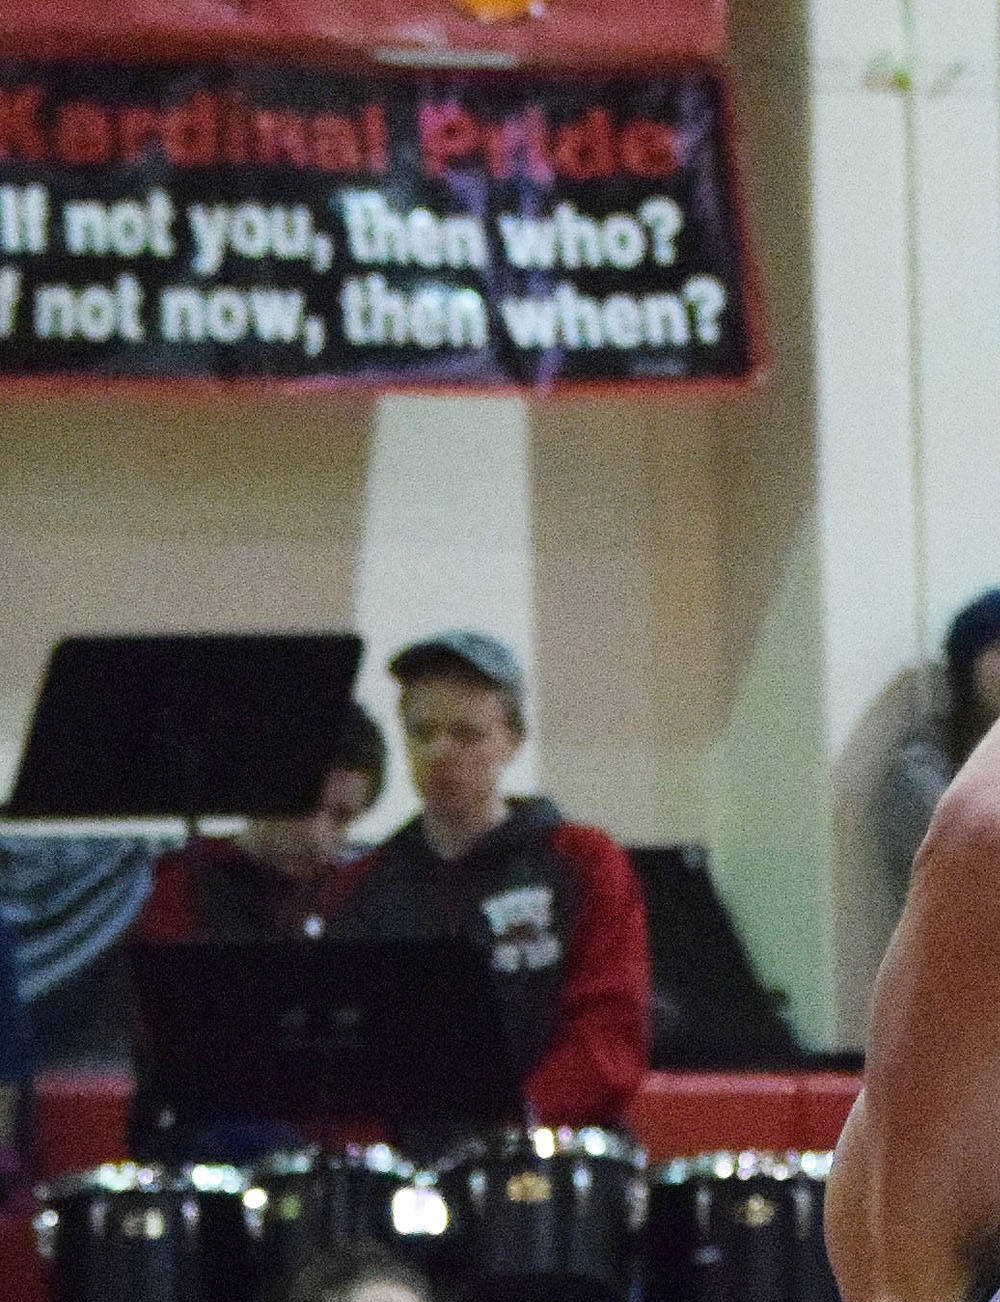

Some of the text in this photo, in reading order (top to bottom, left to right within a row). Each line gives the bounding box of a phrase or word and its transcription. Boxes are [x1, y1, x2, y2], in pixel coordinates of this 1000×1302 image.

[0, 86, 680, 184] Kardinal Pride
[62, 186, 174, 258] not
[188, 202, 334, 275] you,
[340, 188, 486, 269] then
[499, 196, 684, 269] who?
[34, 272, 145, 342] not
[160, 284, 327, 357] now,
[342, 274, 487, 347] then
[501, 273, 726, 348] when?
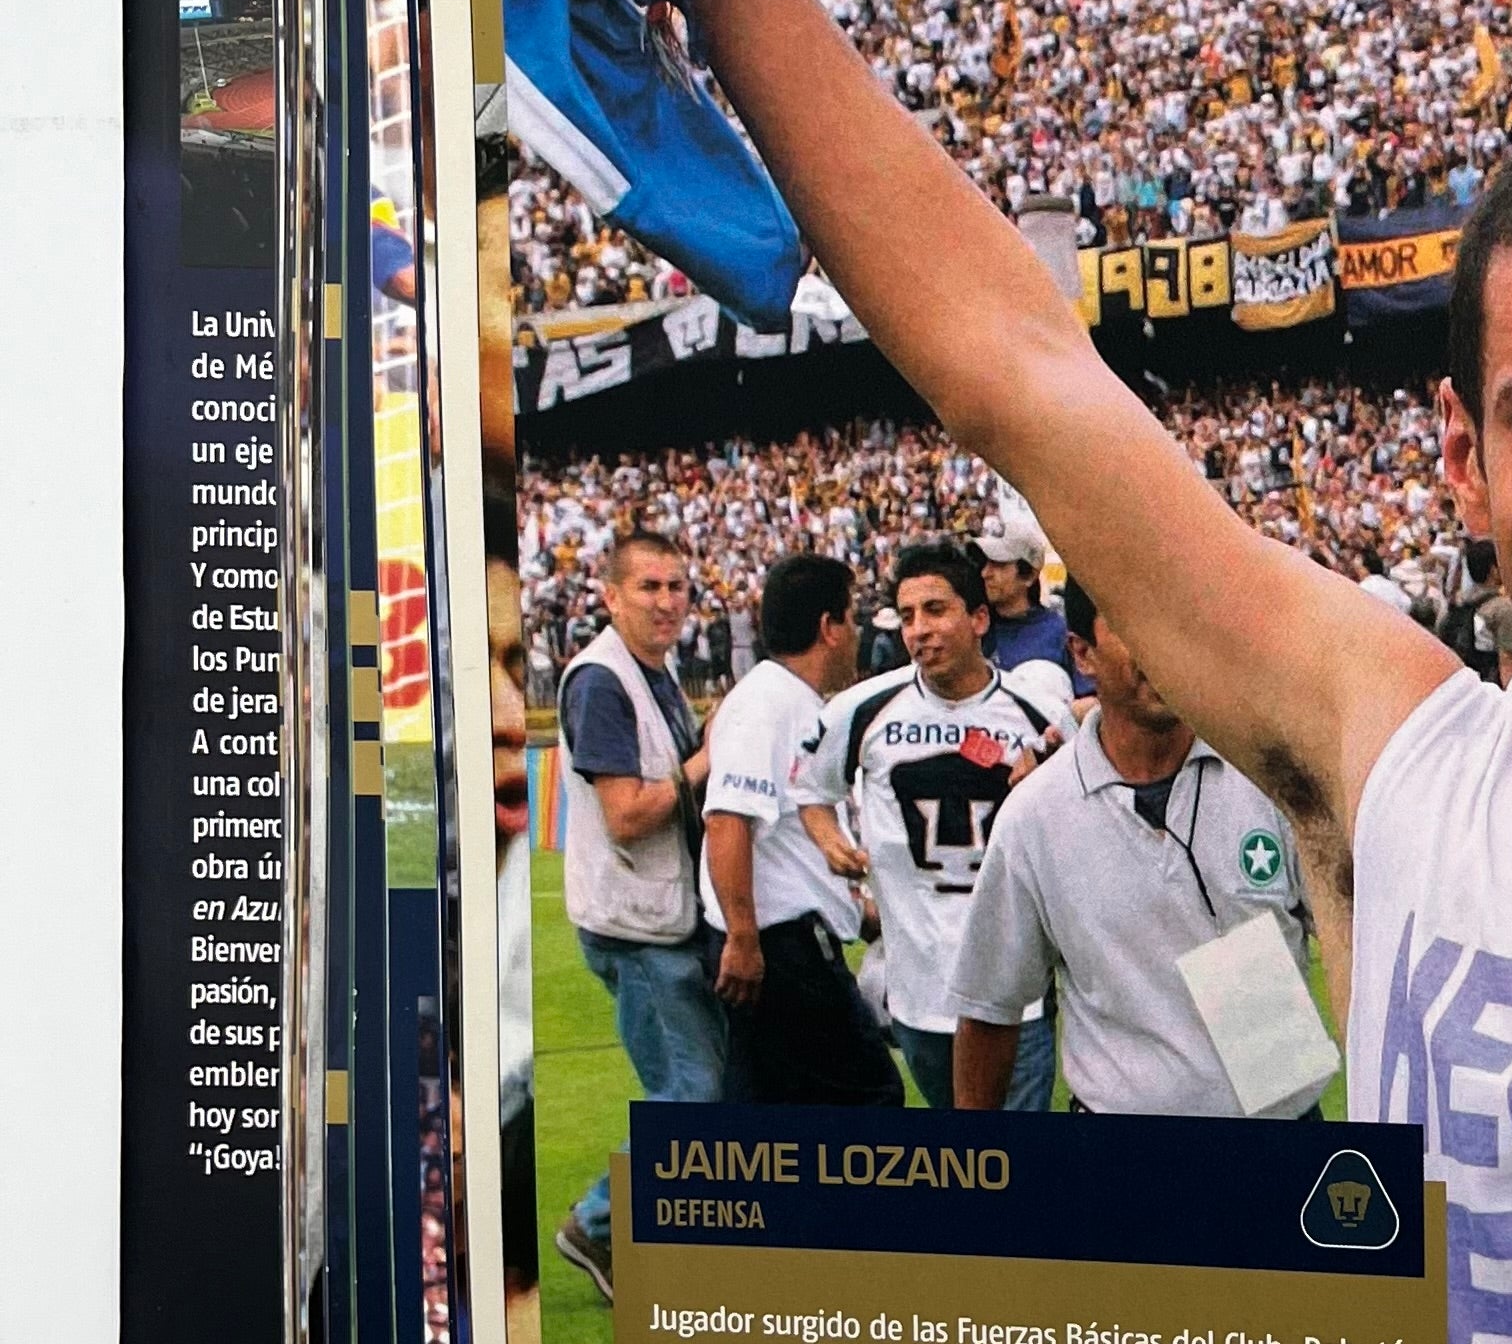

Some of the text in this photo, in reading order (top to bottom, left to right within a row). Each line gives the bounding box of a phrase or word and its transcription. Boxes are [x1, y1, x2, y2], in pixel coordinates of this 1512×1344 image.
---*---
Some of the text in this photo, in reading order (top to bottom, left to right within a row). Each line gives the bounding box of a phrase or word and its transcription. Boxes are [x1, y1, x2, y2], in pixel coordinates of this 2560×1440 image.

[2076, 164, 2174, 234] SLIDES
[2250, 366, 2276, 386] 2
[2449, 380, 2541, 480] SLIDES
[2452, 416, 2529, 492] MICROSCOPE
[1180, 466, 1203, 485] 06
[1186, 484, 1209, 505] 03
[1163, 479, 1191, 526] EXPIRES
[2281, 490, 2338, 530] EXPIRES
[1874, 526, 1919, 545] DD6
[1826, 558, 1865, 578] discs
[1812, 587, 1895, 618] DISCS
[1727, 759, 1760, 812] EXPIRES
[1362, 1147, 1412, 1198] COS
---*---
WHAT IS REQUIRED
Those lines of the records above that run from the one containing "this 1000×1302 image." through the one containing "this 1512×1344 image." should be returned exactly, with no pictures among them.

TASK OUTPUT
Some of the text in this photo, in reading order (top to bottom, left to right within a row). Each line gives the bounding box of a phrase or word and its transcription. Boxes are [x1, y1, x2, y2], in pixel coordinates of this 1000×1302 image.

[0, 86, 680, 184] Kardinal Pride
[62, 186, 174, 258] not
[188, 202, 334, 275] you,
[340, 188, 486, 269] then
[499, 196, 684, 269] who?
[34, 272, 145, 342] not
[160, 284, 327, 357] now,
[342, 274, 487, 347] then
[501, 273, 726, 348] when?

Some of the text in this photo, in reading order (top to bottom, left to right within a row). Each line gives the bounding box of a phrase or word and its transcription. Boxes are [x1, y1, x2, y2], in pixel coordinates of this 1512×1344 image.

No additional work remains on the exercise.